By telling a private joke in public, offering up that secret handshake in front of television cameras to a nation that’s still mourning an horrific attack on home soil, Gottfried managed to unite the audience in shocked laughter rather than grief. Regardless of the content of the gag, it’s impressive to see.
In a way, that’s what comedy is best at, creating a tribe who enjoy laughter – whether you’re a fan of the arena-filling popular comics, the ones who have their own chat show, or the ones you can only find by driving for an hour to see their tight five at a seedy bar, as long as you’re laughing, they’re doing their job right.

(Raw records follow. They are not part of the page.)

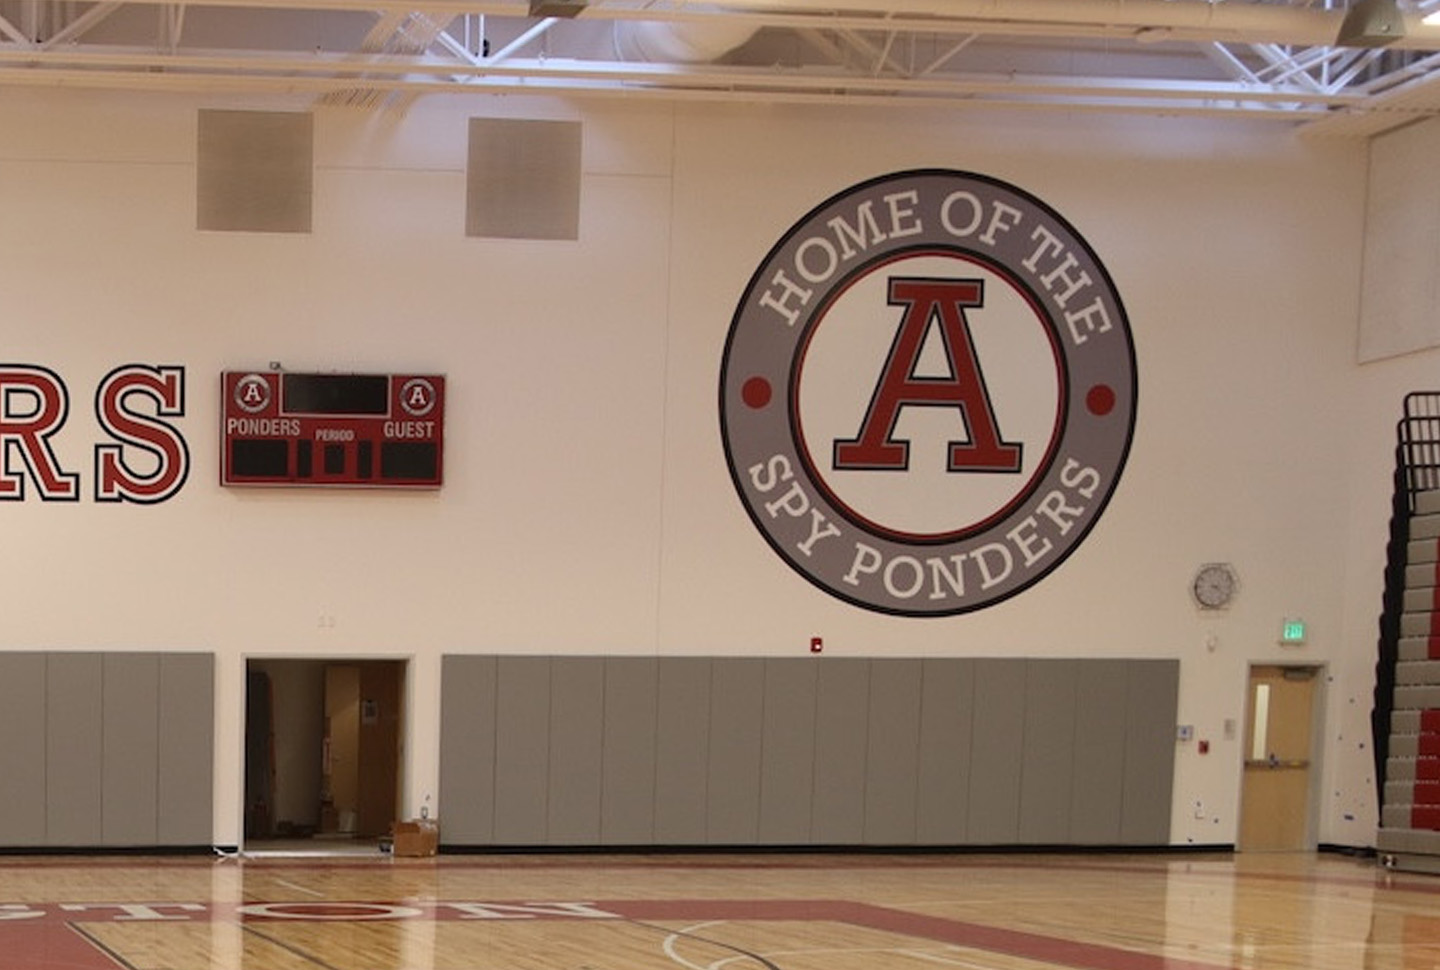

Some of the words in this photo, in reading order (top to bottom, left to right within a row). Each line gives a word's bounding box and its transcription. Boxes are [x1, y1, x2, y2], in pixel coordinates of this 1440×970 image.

[759, 190, 923, 326] HOME
[940, 191, 1022, 245] OF
[1021, 225, 1113, 345] THE
[832, 277, 1023, 473] A
[243, 383, 262, 401] A
[409, 386, 427, 405] A
[227, 418, 301, 436] PONDERS
[315, 429, 355, 442] PERIOD
[384, 421, 436, 438] GUEST
[748, 453, 841, 556] SPY
[842, 458, 1102, 601] PONDERS
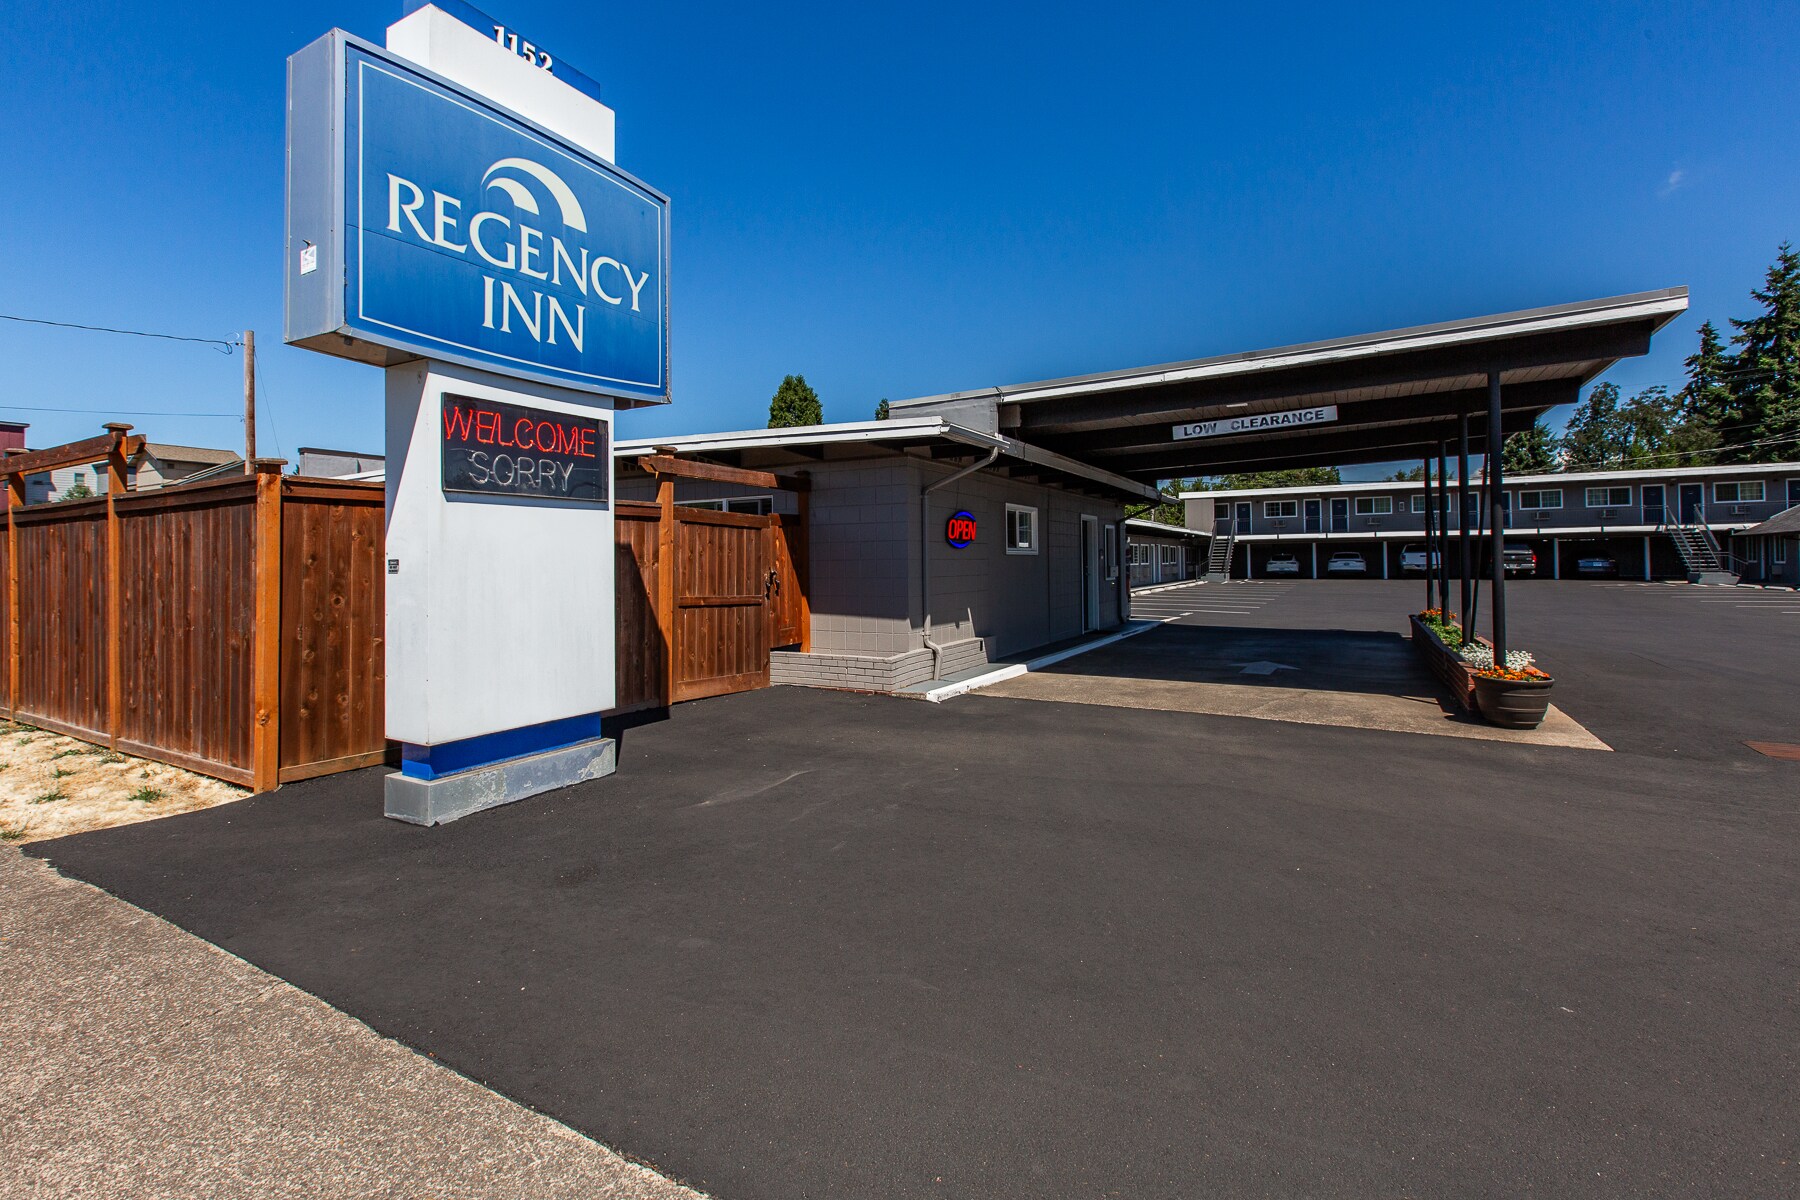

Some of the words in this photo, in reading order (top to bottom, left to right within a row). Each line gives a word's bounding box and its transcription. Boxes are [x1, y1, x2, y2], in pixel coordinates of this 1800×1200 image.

[493, 25, 553, 75] 1152
[386, 173, 650, 312] REGENCY
[482, 275, 586, 353] INN
[443, 406, 596, 457] WELCOME
[1183, 422, 1217, 437] LOW
[1230, 409, 1325, 431] CLEARANCE
[467, 451, 574, 492] SORRY
[947, 519, 977, 541] OPEN
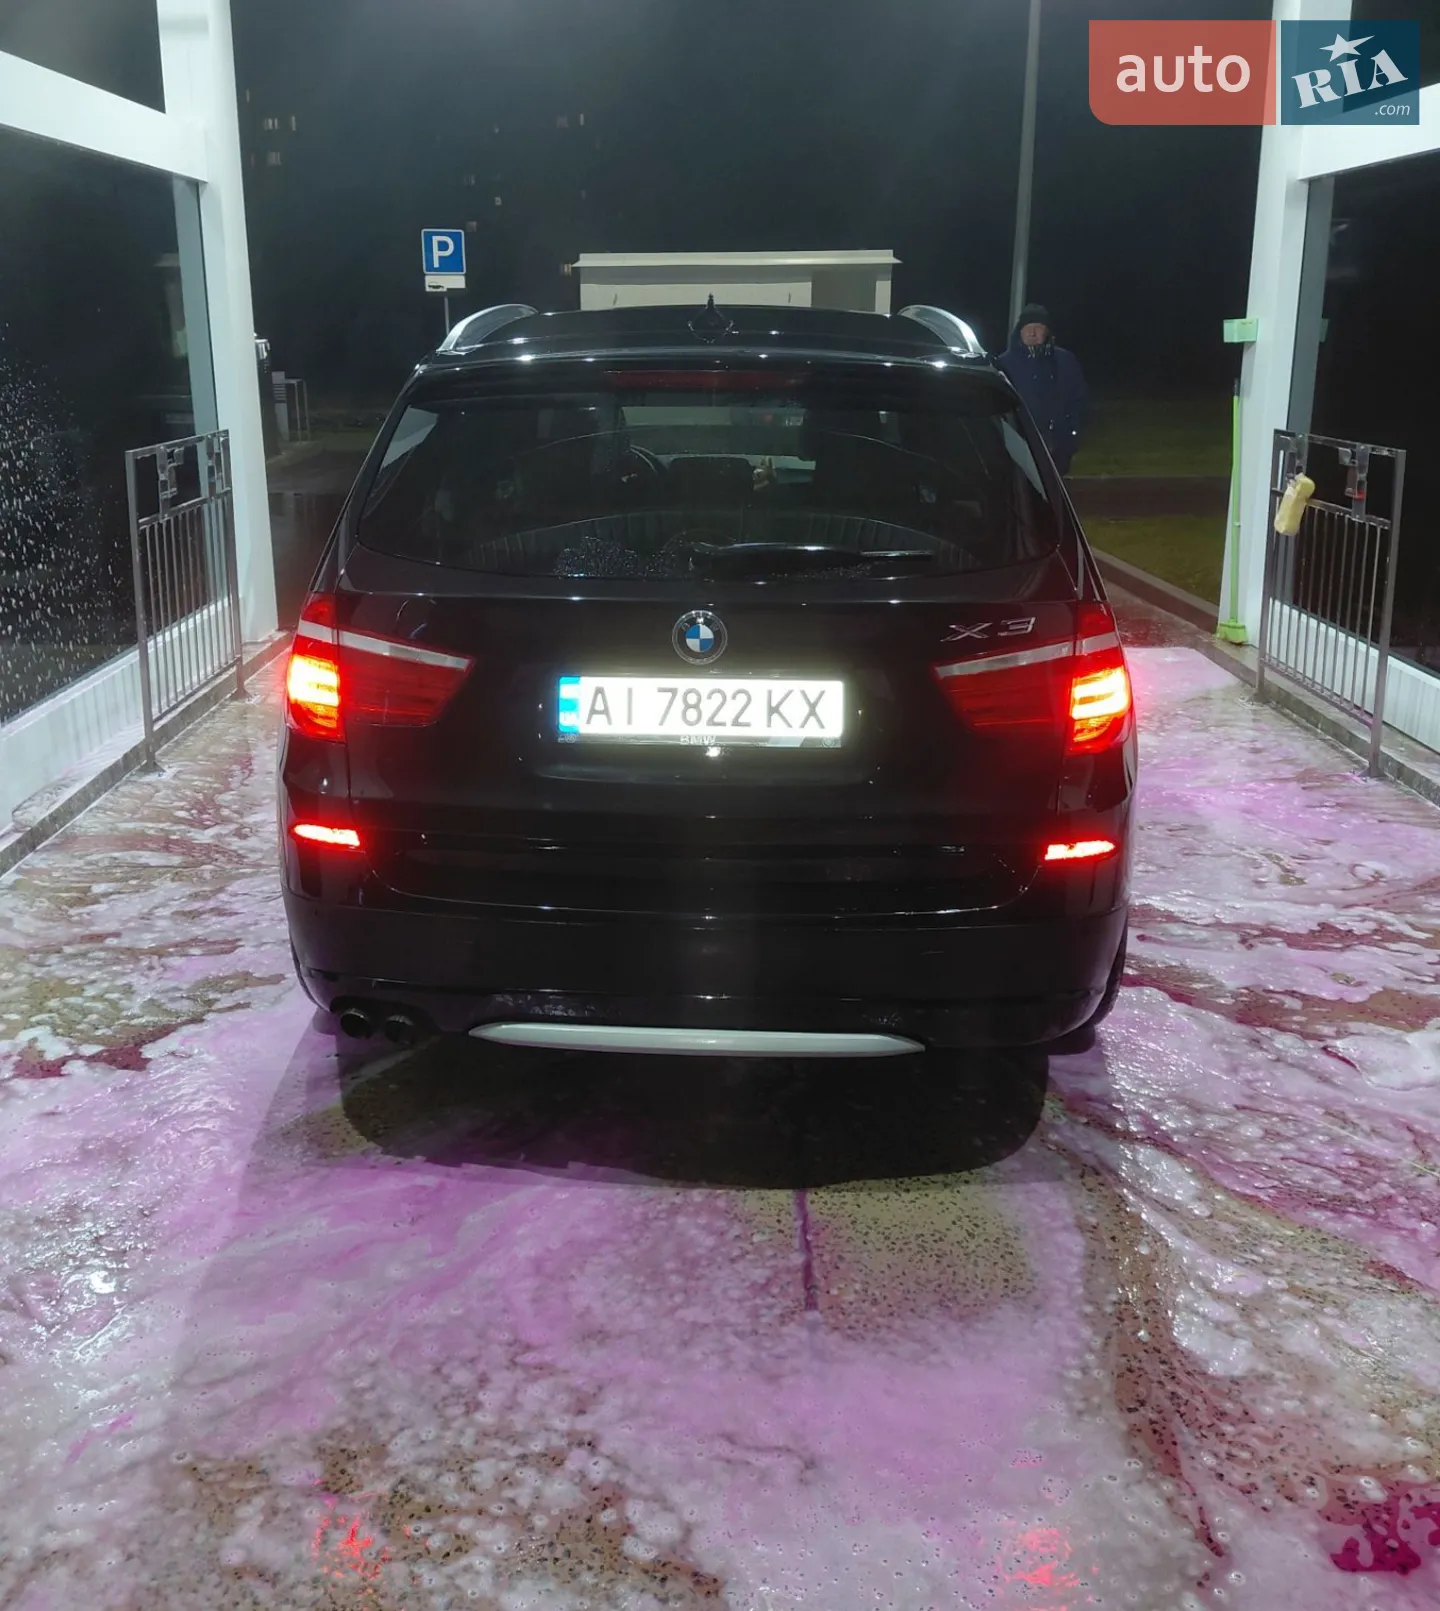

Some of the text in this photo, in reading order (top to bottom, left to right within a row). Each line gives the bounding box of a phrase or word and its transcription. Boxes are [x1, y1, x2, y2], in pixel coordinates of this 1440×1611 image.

Does the film work completely? Hell, no.
It’s self-indulgent, self-congratulatory and about 15 minutes too long. But it is funny.
I’ve seen this billed as “a raucous celebration of free speech”, and that’s true to an extent. It’s biggest revelation is really that the joke tells you a lot about whoever’s telling it – their ‘lines in the sand’, their taboos, what they believe can and cannot be said, and how willing they are to shock.
For me, I would’ve appreciated more input from academics or psychologists looking at why we laugh at things we shouldn’t, more details about the history of the joke, and maybe a look at how the joke translates or plays around the world (or doesn’t, as the case may be).
I found it really interesting to see the British comedians struggle with the gag (with the exception of Connolly), but what was also interesting was watching the staff of The Onion come up with a list of topics that could/should be included in the joke. They get no further than the stuff that’s clearly been doing the rounds since the gag was first uttered – incest, race-baiting, assaults, toilet humour – and I found myself wondering whether those lines would be the same almost 20 years after the film?
Part of me remains curious to see some sort of follow-up to The Aristocrats which really explored how tastes (or lack of), had changed in the last two decades, but I suspect fear of being cancelled would severely limit those who would be willing to go on camera and tell the joke.
I also worry that the only ones who would sign up would be the type of comedians who currently complain about cancel culture on mainstream television or in well-paid newspaper gigs, and the act itself would simply revolve around the same minorities who are used as punchbags and punchlines by them and certain elements of the media day in, day out.
So maybe The Aristocrats is probably best left as it is – a niche little time capsule looking at offence in humour and all that goes with it – at least for now.
Definitely not for everyone, and you might feel a little unclean afterwards, but I’m still glad to have revisited this, and laughed a lot more than I expected to.